Work request
Wherever a picture sits, omit it. Output the rest of the listing exactly.
- Opening Delimiter -
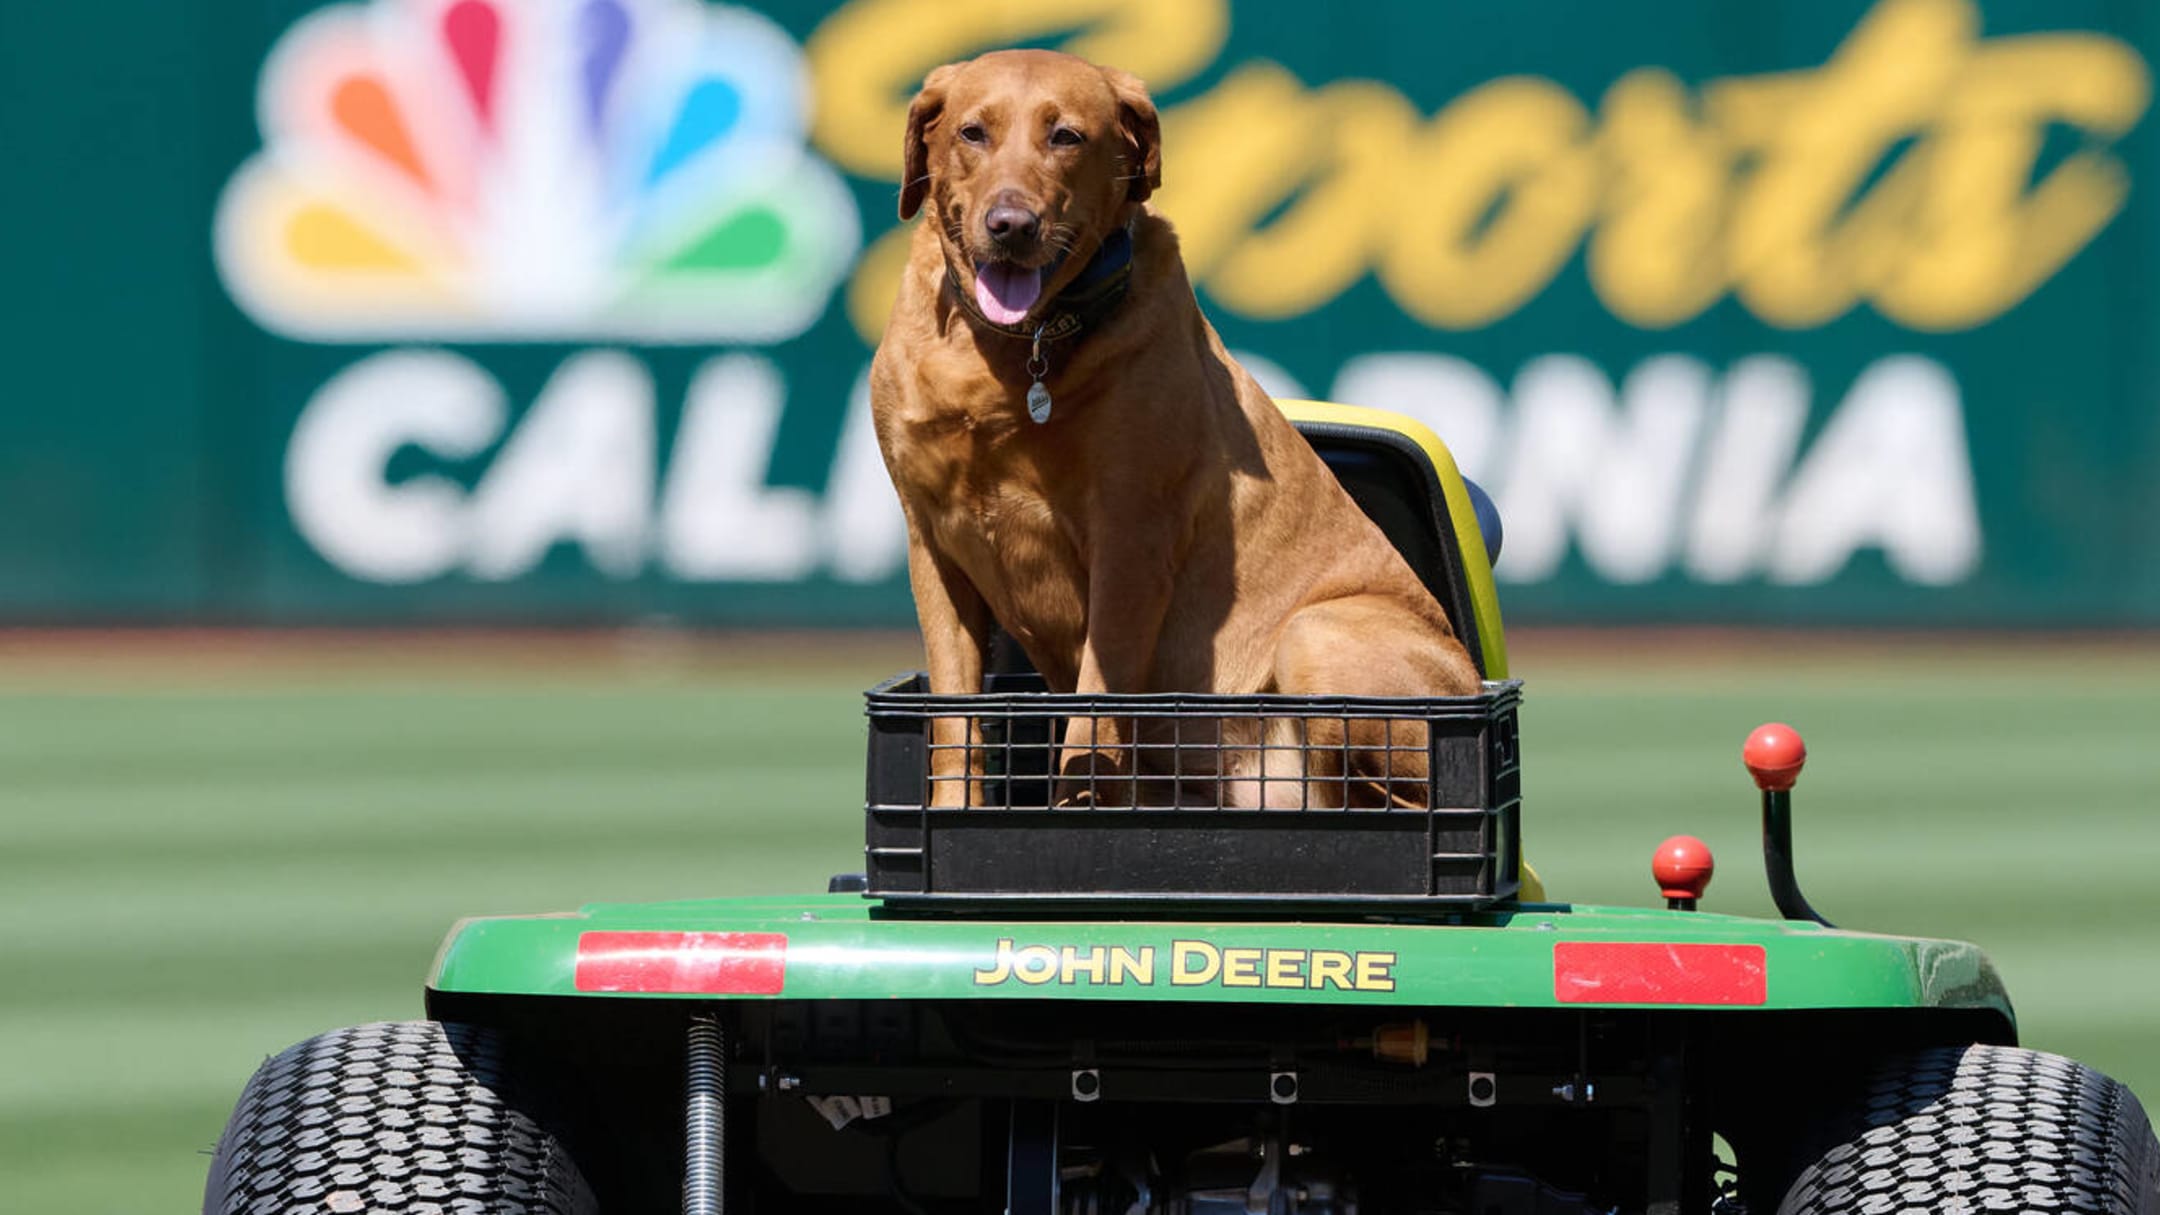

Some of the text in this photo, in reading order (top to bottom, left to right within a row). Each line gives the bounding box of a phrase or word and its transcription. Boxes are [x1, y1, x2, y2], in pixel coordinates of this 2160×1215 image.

[284, 348, 1980, 586] CALINIA
[974, 938, 1397, 992] JOHN DEERE
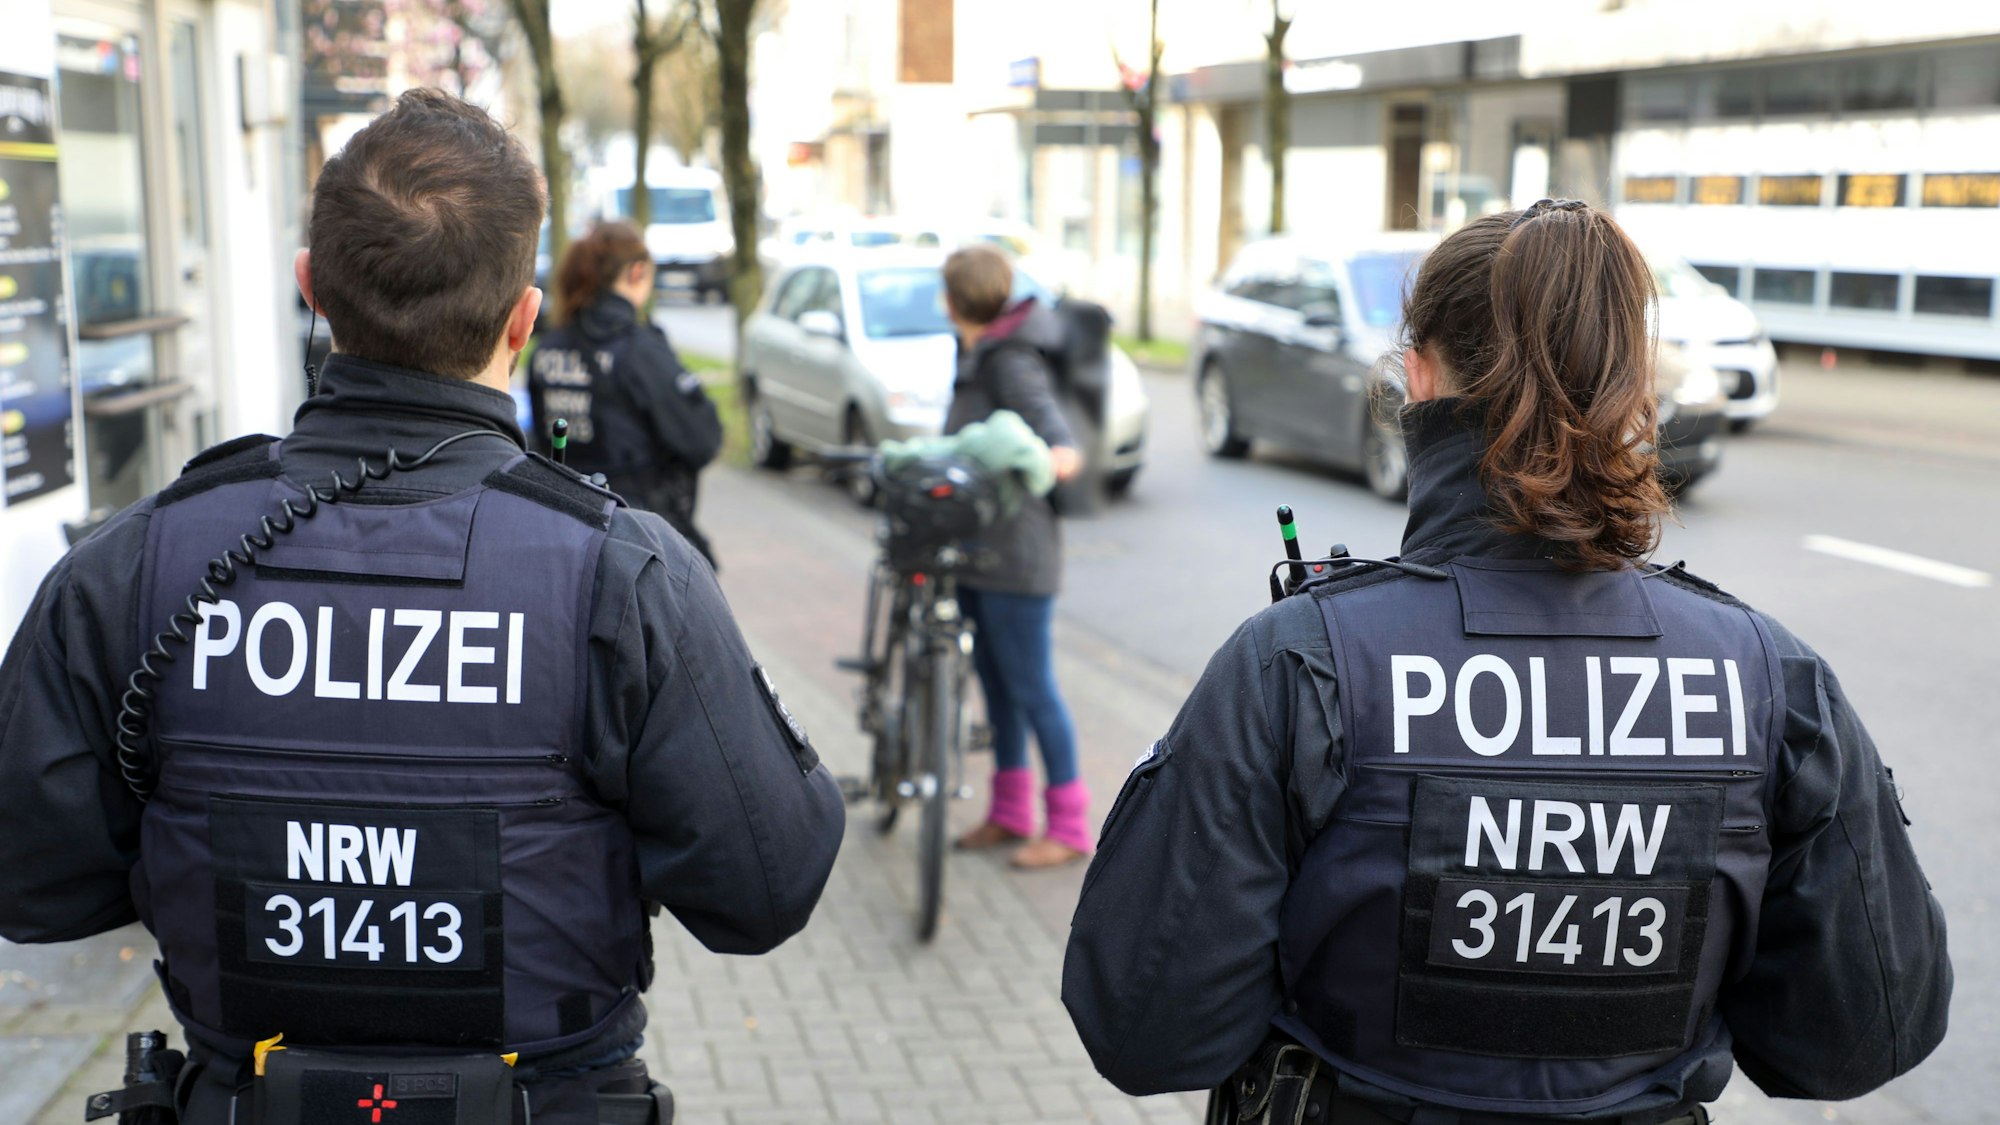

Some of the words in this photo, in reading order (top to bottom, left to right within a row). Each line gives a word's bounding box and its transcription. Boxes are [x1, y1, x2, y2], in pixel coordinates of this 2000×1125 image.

[192, 599, 525, 705] POLIZEI
[1390, 653, 1747, 757] POLIZEI
[286, 820, 417, 886] NRW
[1464, 795, 1672, 875] NRW
[264, 894, 464, 963] 31413
[1451, 889, 1667, 967] 31413
- Closing Delimiter -
Written response
Some of the text in this photo, in reading order (top to bottom, left to right within a row). Each line gives the bounding box of a phrase or word and its transcription. Boxes are [x1, y1, x2, y2], in pixel coordinates of this 2160×1215 image.

[284, 348, 1980, 586] CALINIA
[974, 938, 1397, 992] JOHN DEERE

Some of the words in this photo, in reading order (top to bottom, left to right within a row). Each line gives a word's bounding box and its transcription. Boxes are [x1, y1, x2, y2], in pixel coordinates of this 2000×1125 image.

[192, 599, 525, 705] POLIZEI
[1390, 653, 1747, 757] POLIZEI
[286, 820, 417, 886] NRW
[1464, 795, 1672, 875] NRW
[264, 894, 464, 963] 31413
[1451, 889, 1667, 967] 31413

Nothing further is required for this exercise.